今月1日に日本語版が発売された、J.K.ローリング『ハリー・ポッターと不死鳥の騎士団』(静山社)【Amazon.co.jp】なんですが、去年の6月に一度読んでいるにもかかわらず、一応、買いました。そして、再読しました。

実を言うと、熱愛宣言とかしちゃってるわりに、日本語版をじっくり腰を落ち着けて読んだのは、今回が初めてかも(あ、映画の3作目を見る前に3巻を再読して予習はしたんだった)。1〜3のときは、とりあえず映画を観るための予備知識を仕入れようと、大急ぎでざざっと読んだかんじだったし、その後、当時まだ訳書の出てなかった4巻でシリーズにどっぷりハマって1〜3巻を再読したくなったときも、ハードカバーを買うお金をケチってしばらくは英語版ペーパーバックでしか持ってなかったし。結局、4巻の日本語版は、(同居人A氏が買ってくれたんだけど)いまだに一度も通読してません。

で、改めて翻訳版に目を通していて、思ったこと。私、比較的新しい子供向け翻訳モノって、ハリポタ以外はほとんど縁がなかったりするんですが、イマドキの児童書って、みんなこんなんなの? あるいは、児童書メインに読んでいた子供の頃の私が気付いてなかっただけで、もとから日本の児童書って、けっこうこんなのが多かったのか?

訳文そのものにケチを付ける気はさらさらないんだが、英語版の原書(UK版)が、わりとオーソドックスに地味〜な本(表紙以外は、イラストさえ皆無)なので、なんだか日本語版で一部の登場人物のセリフのフォントを変えてあったり、歌の場面ではいちいち歌詞に「♪」マークが入っていたり、ハリーが心の中で思っている言葉が薄い色の文字になっていたり……という本全体の造りに、正直、どうも馴染めない。

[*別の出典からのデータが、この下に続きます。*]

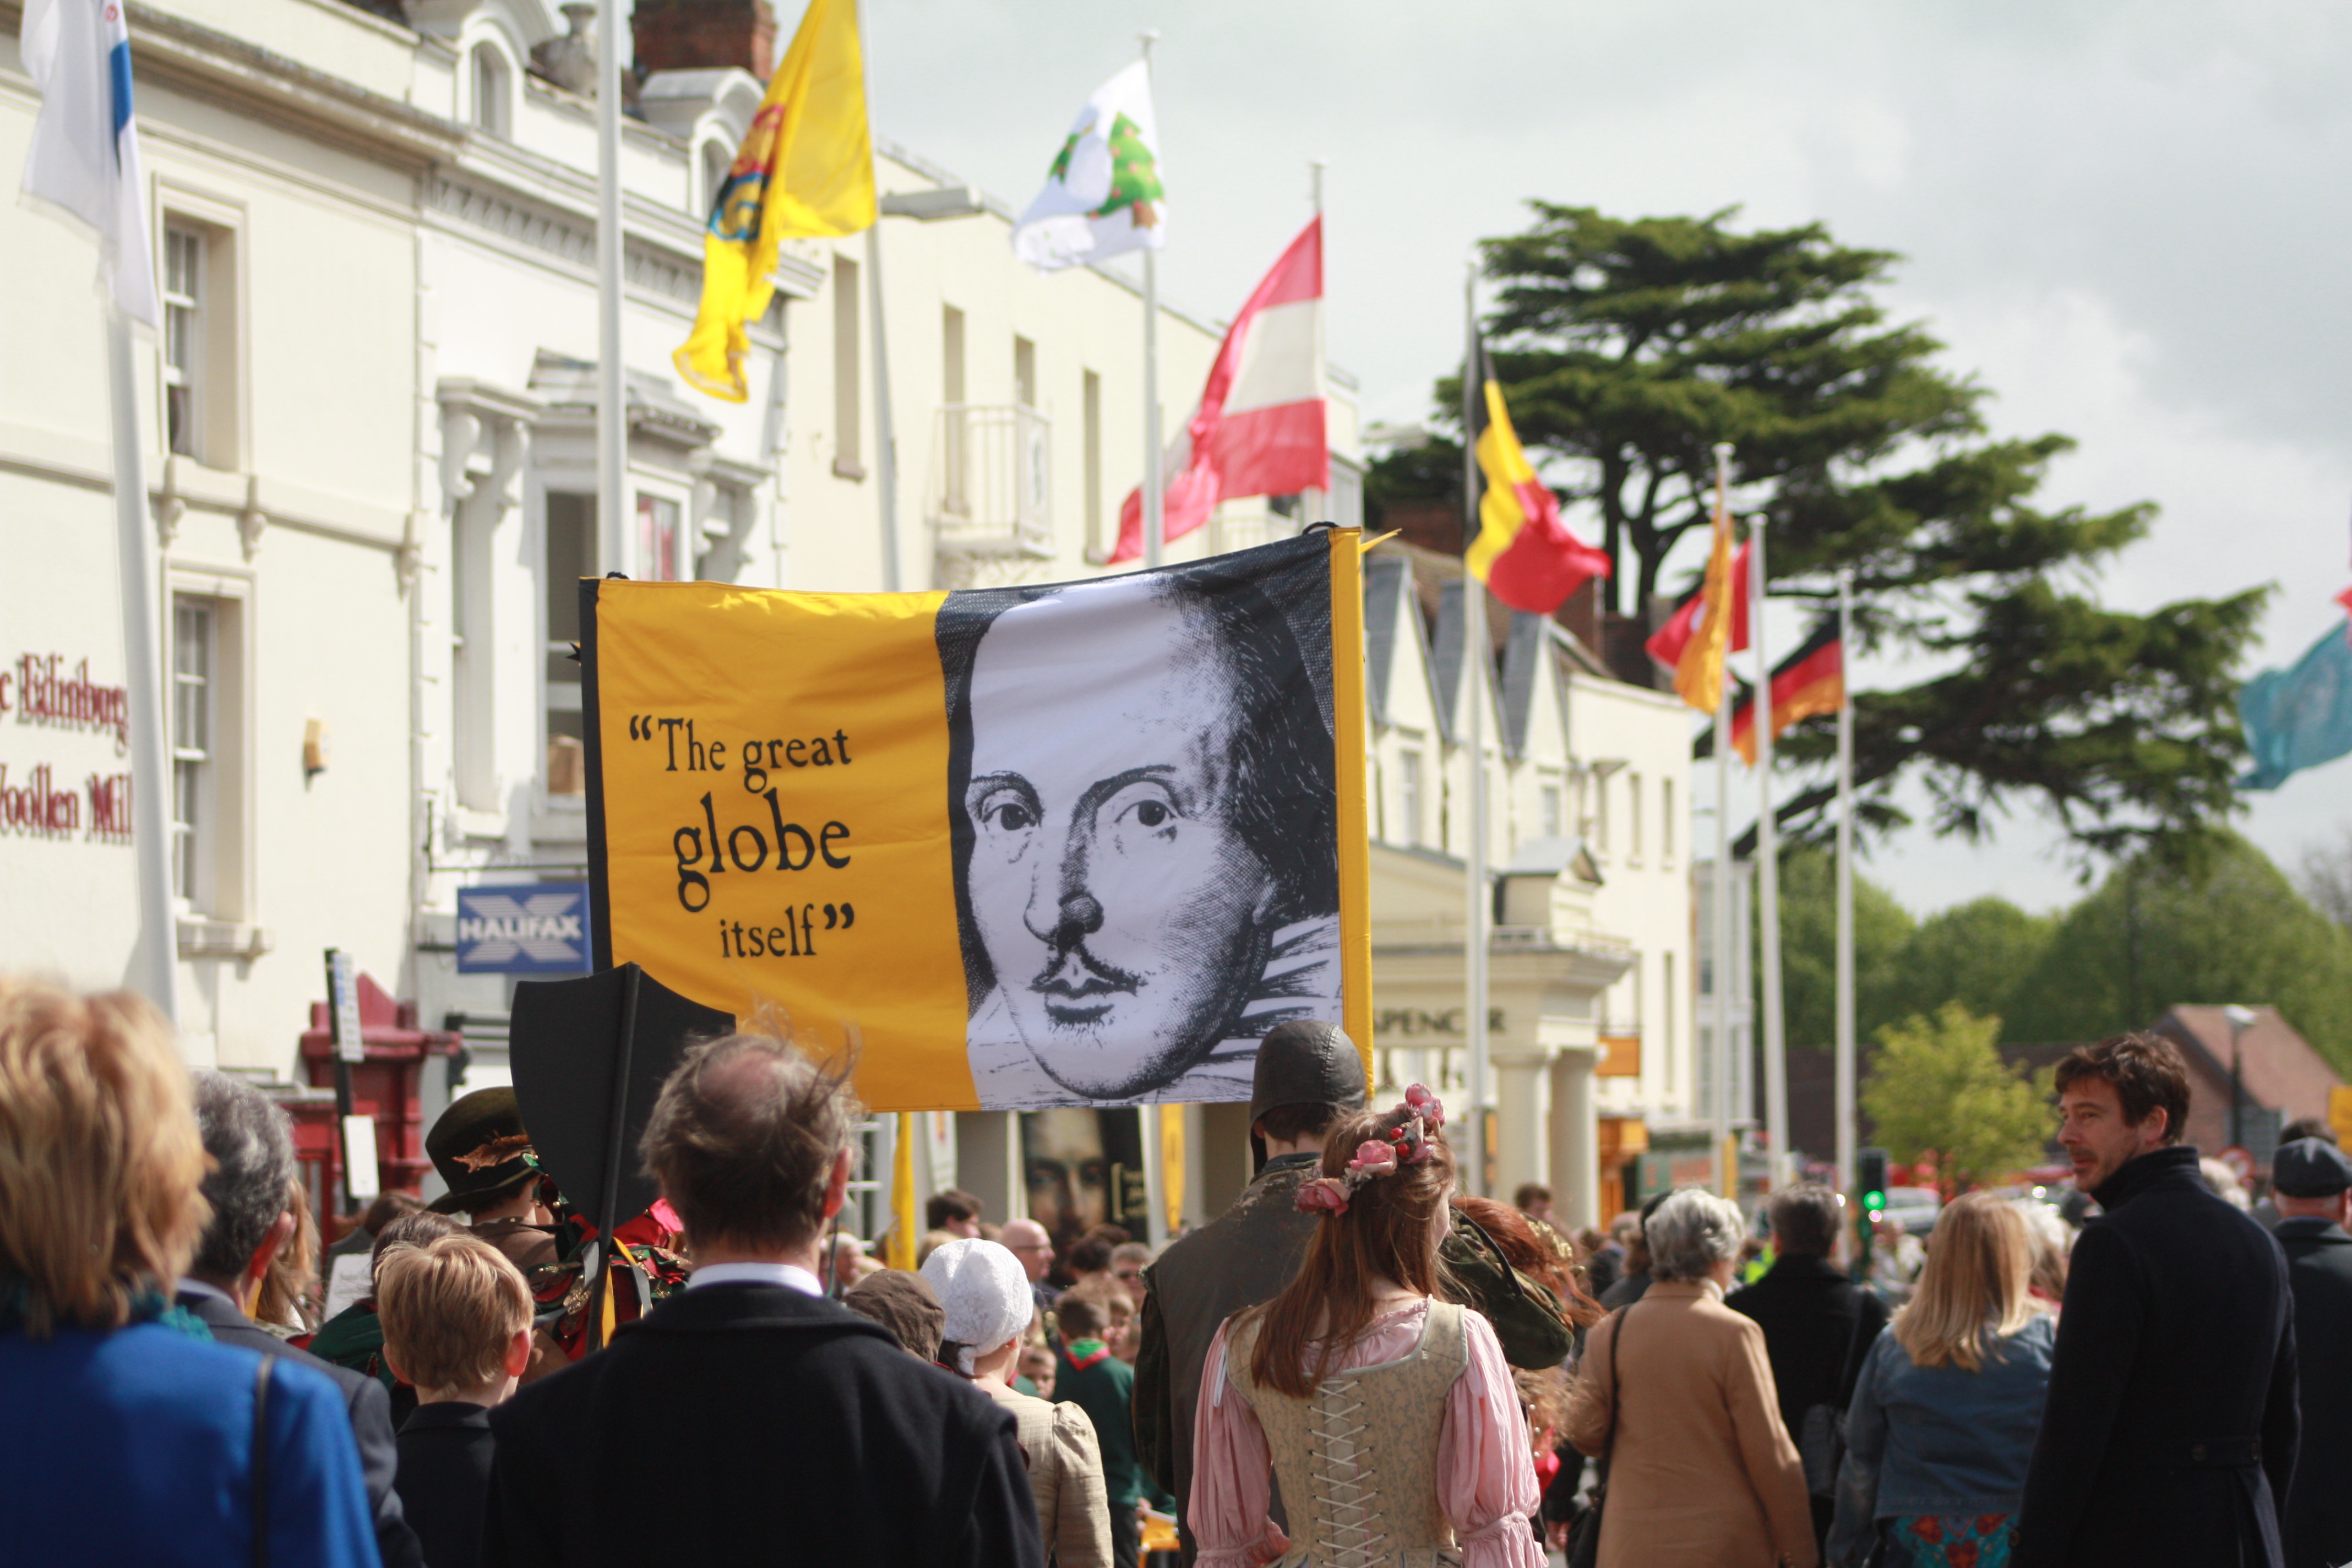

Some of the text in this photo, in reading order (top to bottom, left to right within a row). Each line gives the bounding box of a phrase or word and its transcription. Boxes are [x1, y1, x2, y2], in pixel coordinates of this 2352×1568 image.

エレベーターのシーンで、原文では単純に "down button" となっているところが、日本語版では「▼ボタン」と記号で訳してあったり、「文字が書かれたバッジ」の描写をするのに、普通に原文を訳すのではなく、わざわざ本文中に“日本語訳の書かれたバッジのイラスト”を挿入してみたり……そういうのが、正直、大人である私には「あざとい、はしゃぎすぎ、マンガっぽい」と感じられてしまうのだ。想像の幅が狭められているような苛立ちもあるし。

小細工をせずとも原書どおりに訳すだけで充分、力のあるテキストなんだから、テキストだけで勝負してほしいなあ、というような気持ちがどっかにある。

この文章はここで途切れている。